Work item:
Make an exact copy of each entry, leaving out every picture.

Records from a dataset
------------------------------
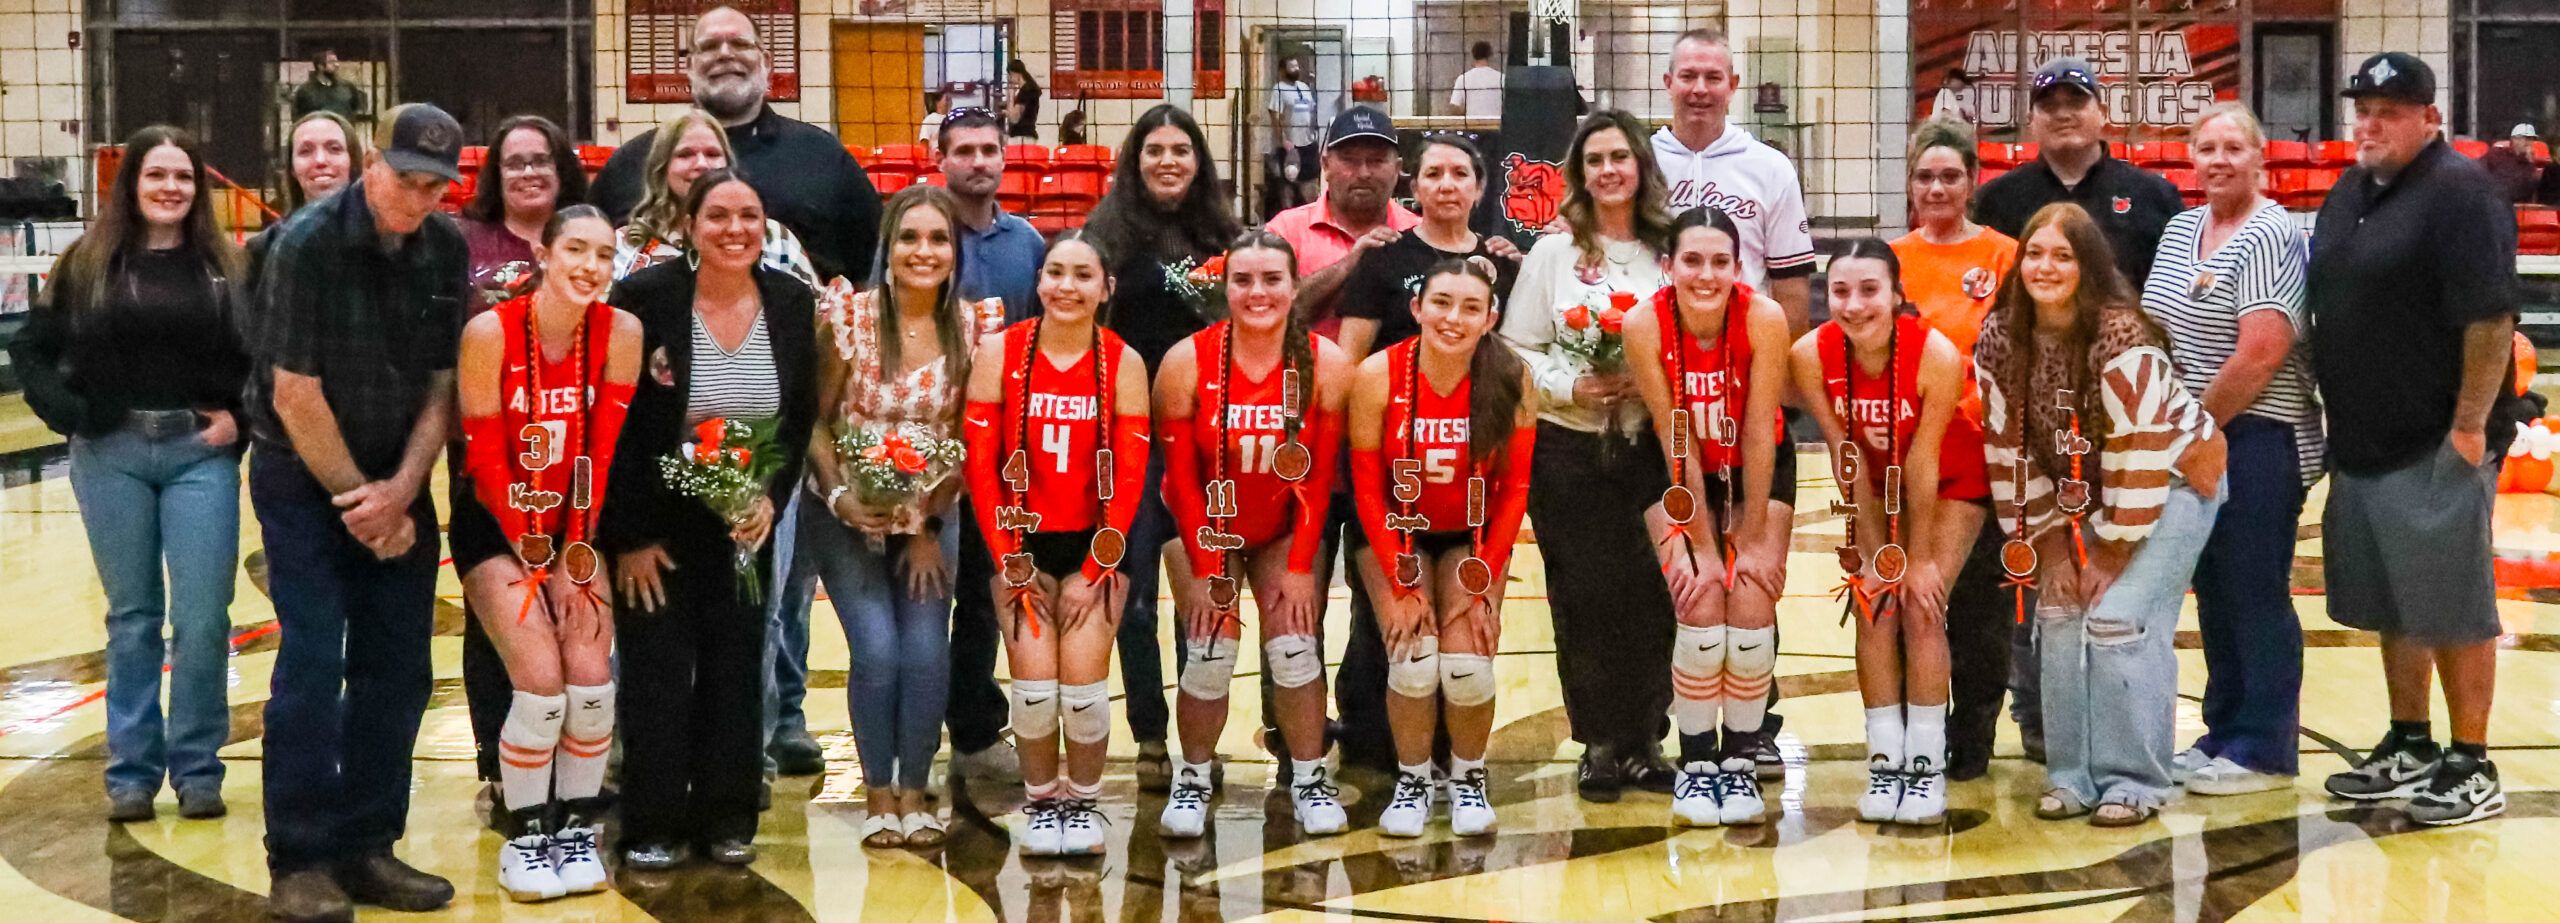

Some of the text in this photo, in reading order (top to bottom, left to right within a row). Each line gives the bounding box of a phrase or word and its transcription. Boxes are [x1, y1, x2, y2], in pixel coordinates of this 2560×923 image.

[1963, 30, 2194, 77] ARTESIA
[519, 423, 552, 471] 3
[1041, 423, 1071, 474] 4
[1238, 434, 1276, 475] 11
[1424, 447, 1457, 485] 5
[1838, 440, 1860, 484] 6
[1002, 449, 1029, 492] 4
[1392, 458, 1422, 503] 5
[1206, 479, 1238, 518] 11
------------------------------
Exercise solution:
Some of the text in this photo, in reading order (top to bottom, left to right within a row). Each line gives the bounding box of a phrase or word and its transcription. Boxes are [x1, y1, x2, y2], in pixel coordinates of this 2560×923 image.

[1963, 30, 2194, 77] ARTESIA
[519, 423, 552, 471] 3
[1041, 423, 1071, 474] 4
[1238, 434, 1276, 475] 11
[1424, 447, 1457, 485] 5
[1838, 440, 1860, 484] 6
[1002, 449, 1029, 492] 4
[1392, 458, 1422, 503] 5
[1206, 479, 1238, 518] 11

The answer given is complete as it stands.